Donc les autochtones se distinguent des non autochtones AVANT TOUT par leur taux d’incarcération élevé et non, comme un billet précédent de Mme Cornellier laissait croire, par un taux élevé d’assassinat de femmes autochtones. Ce dernier taux est élevé, bien sûr, comparativement au taux chez les non autochtones, mais cela n’est en soi pas une nouvelle: TOUS les taux (ou presque) sont énormément plus élevés chez les autochtones que chez les non autochtones, que ce soit les taux de SIDA, de diabète, d’obésité, d’analphabétisme, de violence familiale, d’inceste, etc.

Les autochtones auraient intérêt à imiter les non-autochtones plutôt que se se cantonner dans une culture sans avenir dont la faillite n’est que trop évidente.

S’il y a une « bombe » dans le texte du rapporteur de l’ONU, c’est la statistique suivante: 33 % des femmes incarcérées au Canada sont autochtones, même si les femmes autochtones ne représentent que 4 % des canadiennes. Trouver de telles disproportions ailleurs n’est pas facile. La seule qui me vienne à l’esprit est la suivante: 15 % des femmes récipiendaires du prix Nobel sont juives, même si elles ne représentent que 0.2 % des femmes de la planète.

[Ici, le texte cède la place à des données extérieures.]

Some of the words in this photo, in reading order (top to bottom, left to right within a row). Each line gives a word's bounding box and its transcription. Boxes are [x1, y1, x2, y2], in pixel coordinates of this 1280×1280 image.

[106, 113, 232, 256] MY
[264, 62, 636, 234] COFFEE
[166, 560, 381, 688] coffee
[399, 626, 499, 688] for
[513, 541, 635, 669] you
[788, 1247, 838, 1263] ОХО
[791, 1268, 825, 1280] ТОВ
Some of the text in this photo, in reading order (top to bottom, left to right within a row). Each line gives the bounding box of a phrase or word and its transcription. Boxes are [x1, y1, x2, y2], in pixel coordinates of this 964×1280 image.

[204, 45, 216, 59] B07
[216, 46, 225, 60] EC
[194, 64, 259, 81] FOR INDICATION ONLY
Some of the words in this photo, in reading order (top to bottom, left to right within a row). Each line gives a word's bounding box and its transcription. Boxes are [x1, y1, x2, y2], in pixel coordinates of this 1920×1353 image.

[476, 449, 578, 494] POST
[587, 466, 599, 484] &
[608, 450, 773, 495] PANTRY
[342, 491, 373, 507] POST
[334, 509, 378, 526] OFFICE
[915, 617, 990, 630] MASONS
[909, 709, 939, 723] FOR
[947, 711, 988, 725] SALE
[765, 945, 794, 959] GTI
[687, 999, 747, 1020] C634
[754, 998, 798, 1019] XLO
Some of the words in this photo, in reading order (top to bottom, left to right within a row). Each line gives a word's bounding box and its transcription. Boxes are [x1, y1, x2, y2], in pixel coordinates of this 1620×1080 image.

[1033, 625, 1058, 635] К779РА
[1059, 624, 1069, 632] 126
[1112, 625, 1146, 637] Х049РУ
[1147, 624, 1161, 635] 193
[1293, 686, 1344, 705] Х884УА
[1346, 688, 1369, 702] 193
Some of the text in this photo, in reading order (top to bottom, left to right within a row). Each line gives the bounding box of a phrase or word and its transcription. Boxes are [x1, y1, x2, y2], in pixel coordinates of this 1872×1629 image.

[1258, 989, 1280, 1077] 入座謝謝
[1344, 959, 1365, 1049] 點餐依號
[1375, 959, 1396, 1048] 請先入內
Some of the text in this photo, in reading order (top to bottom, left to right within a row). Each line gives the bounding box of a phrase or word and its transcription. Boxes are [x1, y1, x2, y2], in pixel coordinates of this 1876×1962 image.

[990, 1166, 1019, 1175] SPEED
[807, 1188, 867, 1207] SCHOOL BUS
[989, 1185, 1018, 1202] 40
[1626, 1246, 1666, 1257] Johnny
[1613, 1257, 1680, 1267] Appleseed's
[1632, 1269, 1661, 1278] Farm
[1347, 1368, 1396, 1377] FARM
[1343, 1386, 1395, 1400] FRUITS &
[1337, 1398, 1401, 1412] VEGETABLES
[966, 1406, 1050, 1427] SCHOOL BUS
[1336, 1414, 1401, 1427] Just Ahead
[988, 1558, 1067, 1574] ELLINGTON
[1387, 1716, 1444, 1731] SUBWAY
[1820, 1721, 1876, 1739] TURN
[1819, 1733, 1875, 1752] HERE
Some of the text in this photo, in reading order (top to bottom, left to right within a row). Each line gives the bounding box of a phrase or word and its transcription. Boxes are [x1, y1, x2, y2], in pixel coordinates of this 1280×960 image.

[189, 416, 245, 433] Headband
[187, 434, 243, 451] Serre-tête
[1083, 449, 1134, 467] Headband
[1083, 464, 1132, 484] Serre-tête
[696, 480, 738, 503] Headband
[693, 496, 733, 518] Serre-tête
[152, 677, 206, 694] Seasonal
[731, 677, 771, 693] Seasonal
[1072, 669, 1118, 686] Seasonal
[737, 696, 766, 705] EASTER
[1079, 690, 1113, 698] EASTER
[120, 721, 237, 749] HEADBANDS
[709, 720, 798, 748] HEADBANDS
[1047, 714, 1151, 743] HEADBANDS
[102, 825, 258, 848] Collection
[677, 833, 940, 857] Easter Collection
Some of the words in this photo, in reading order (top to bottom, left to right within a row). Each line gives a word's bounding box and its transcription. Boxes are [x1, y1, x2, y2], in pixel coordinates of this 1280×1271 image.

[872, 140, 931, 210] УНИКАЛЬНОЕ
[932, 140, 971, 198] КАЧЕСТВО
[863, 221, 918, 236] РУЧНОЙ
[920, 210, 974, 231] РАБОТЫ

Tout comme il ne faut pas blâmer les juifs pour la piètre performance Nobel des femmes non juives, il ne faut pas blâmer les non autochtones pour la piètre performance carcérale des femmes autochtone. Chaque culture a sa manière de se distinguer.

Mais si j’avais un conseil à donner, cependant, j’encouragerais les femmes non juives à imiter un peu plus les femmes juives, et j’encouragerais les femmes autochtones à imiter un peu plus les femmes non autochtones, même si cela devait modifier un peu la culture des unes et des autres.

Ne cherchons pas les causes et des solutions… Contentons-nous de porter des jugements simples et condescendants…..

@reflecteur: j’ai cherché des causes, j’ai identifié la principale (un déficit culturel), et j’ai donné une solution: se regarder dans le miroir au lieu de blâmer les autres, puis imiter ceux qui performent bien, et le faire sans crainte de passer pour un « :parfait colonisé » aux yeux des bien pensants.

C’est ce qu’a fait le grand-père d’Obama: au lieu de se draper dans sa culture tribale, il a tout fait pour imiter le « colon » britannique. Cela n’a pas été sans effets secondaire: la présidence des USA pour son petit-fils.

Le problème, je crois, est que vous ne voulez pas accepter la solution: vous voulez obtenir l’omelette, mais sans casser aucun oeuf.